Andrew Spielvogel presented his thesis research entitled “Online Inertial Measurement Unit Sensor Bias and Attitude Estimation For The Calibration And Improved Performance Of Attitude And Heading Reference Systems” on March 6, 2020. His thesis committee included Professor Louis Whitcomb (primary advisor), Assistant Professor Marin Kobilarov, and Professor Noah Cowan.
Abstract:
Dynamic instrumentation and estimation of vehicle attitude is critical to the accurate navigation of land, sea, and air vehicles in dynamic motion. The focus of this thesis is the development of algorithms for improved performance of attitude and heading reference systems (AHRSs) and robotic vehicle navigation. Inertial measurement unit (IMU) sensor bias estimation methods for use in the calibration of AHRS and an adaptive attitude estimator operating directly of $SO(3)$ are reported. The reported algorithms provide online calibration and attitude estimation methods which enable more accurate navigation for robotic vehicles.
This thesis differentiates AHRSs into two categories: AHRSs that estimate true-North heading and those that estimate magnetic north heading. First, this thesis report several novel algorithms for micro-electro-mechanical systems (MEMS) IMU sensor bias estimation. Observability, stability, and parameter convergence are evaluated in numerical simulations, full-scale vehicle laboratory experiments, and full-scale field trials in the Chesapeake Bay, MD. Second, this thesis reports an adaptive sensor bias observer and attitude observer operating directly on SO(3) for true-North gyrocompass systems that utilize six-degree-of-freedom IMUs with three-axis accelerometers and three-axis angular rate gyroscopes (without magnetometers) to dynamically estimate the instrument’s time-varying true-North attitude (roll, pitch, and geodetic heading) in real-time while the instrument is subject to a priori unknown rotations. Stability proofs for the reported bias and attitude observers, preliminary simulations, and a full-scale vehicle trial are reported.

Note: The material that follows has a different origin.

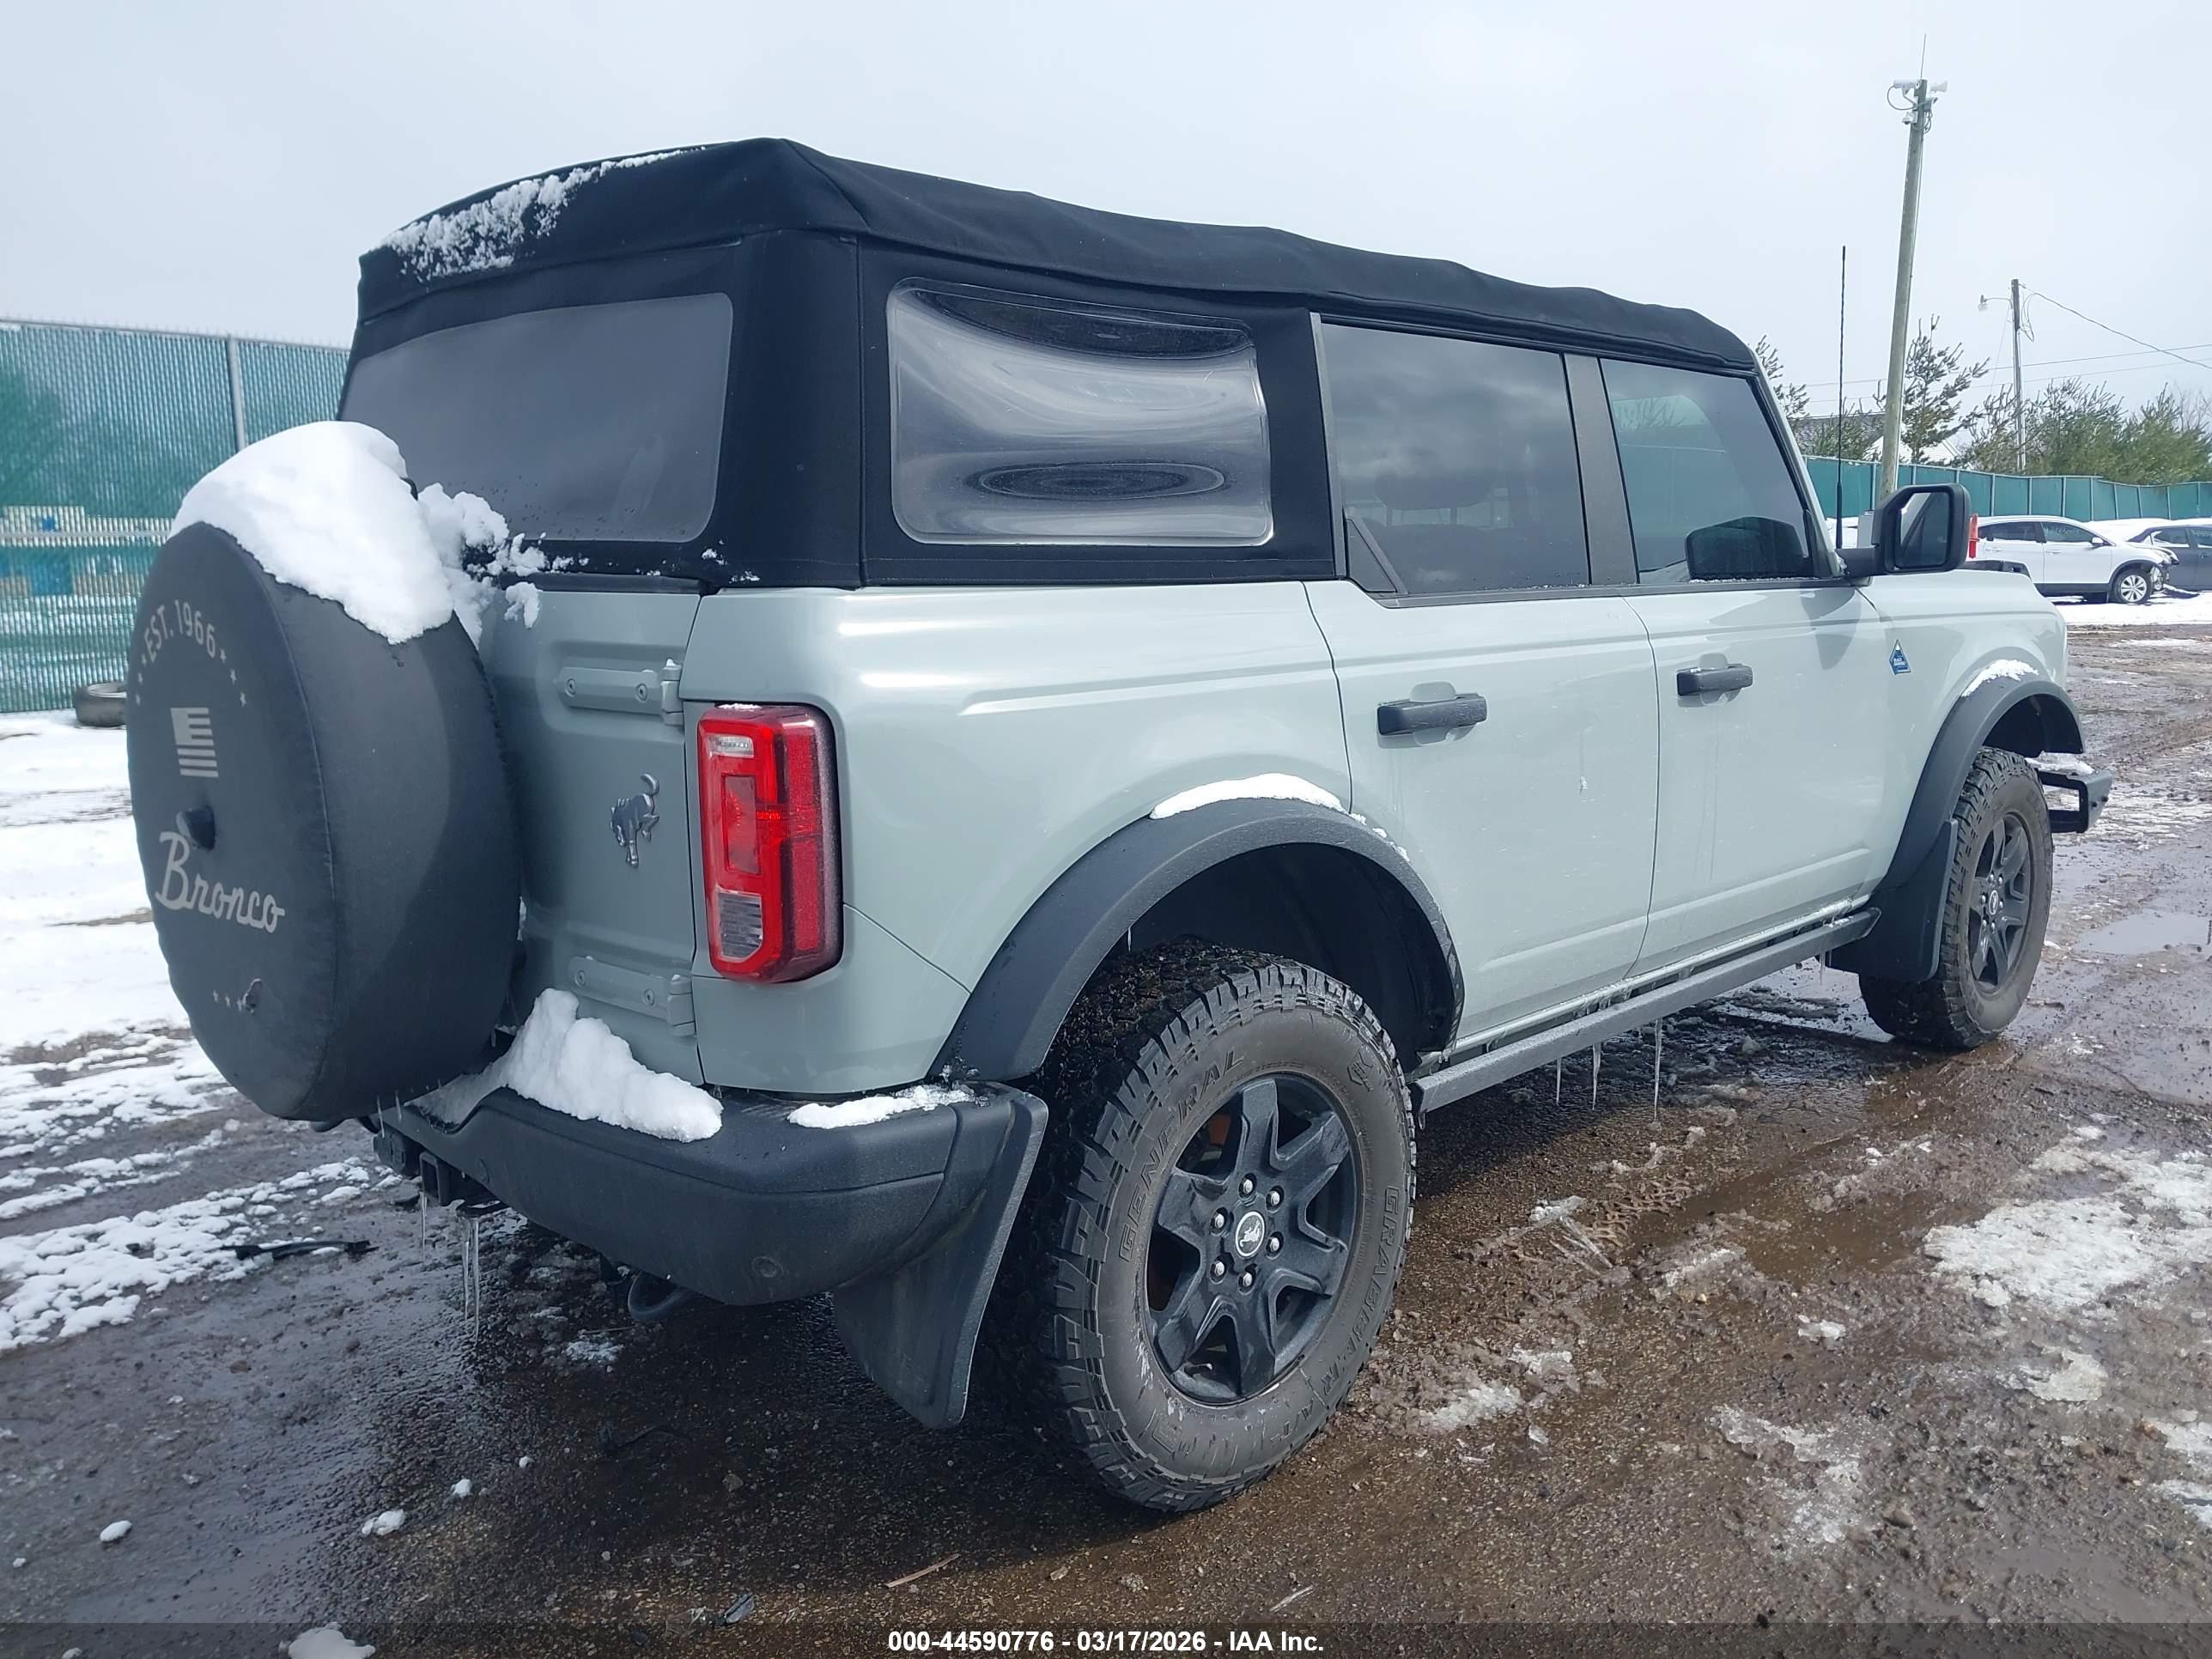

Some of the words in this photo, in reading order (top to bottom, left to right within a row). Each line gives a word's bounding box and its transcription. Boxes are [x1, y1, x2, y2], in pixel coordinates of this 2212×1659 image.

[143, 605, 173, 663] EST.
[175, 599, 216, 659] 1966
[155, 830, 285, 933] Bronco

The reported calibration and attitude estimation methods are shown experimentally to improve calibration of AHRS attitude estimation over current state of the art sensor bias estimation methods, and this thesis presents a true-North gyrocompass system based on adaptive observers for use with strap-down IMU. These results may prove to be useful in the development of navigation systems for small low-cost robotic vehicles.
Bio
Andrew R. Spielvogel was born in Boston, Massachusetts in 1990. From 2004-2009, he attended the Green Mountain Valley School where he was Valedictorian of the Class of 2009. Afterwards, he attended Harvard University, where he graduated cum laude in May 2013 with a S.B. in Electrical Engineering with high honors in field. While at Harvard, Andrew competed for four years on the NCAA Division 1 Harvard Alpine Ski team where he was named three times to the All-Academic Team (2011-2013) and twice captain of the ski team (2011-2012, 2012-2013). After graduating college, Andrew was an Electrical Engineering Intern at Harvest Automation where he worked on a vision system for mobile robots in the nursery and greenhouse industries. In August 2014, he enrolled in the Mechanical Engineering Ph.D. program at Johns Hopkins University, where he received a Robotics MSE in 2017.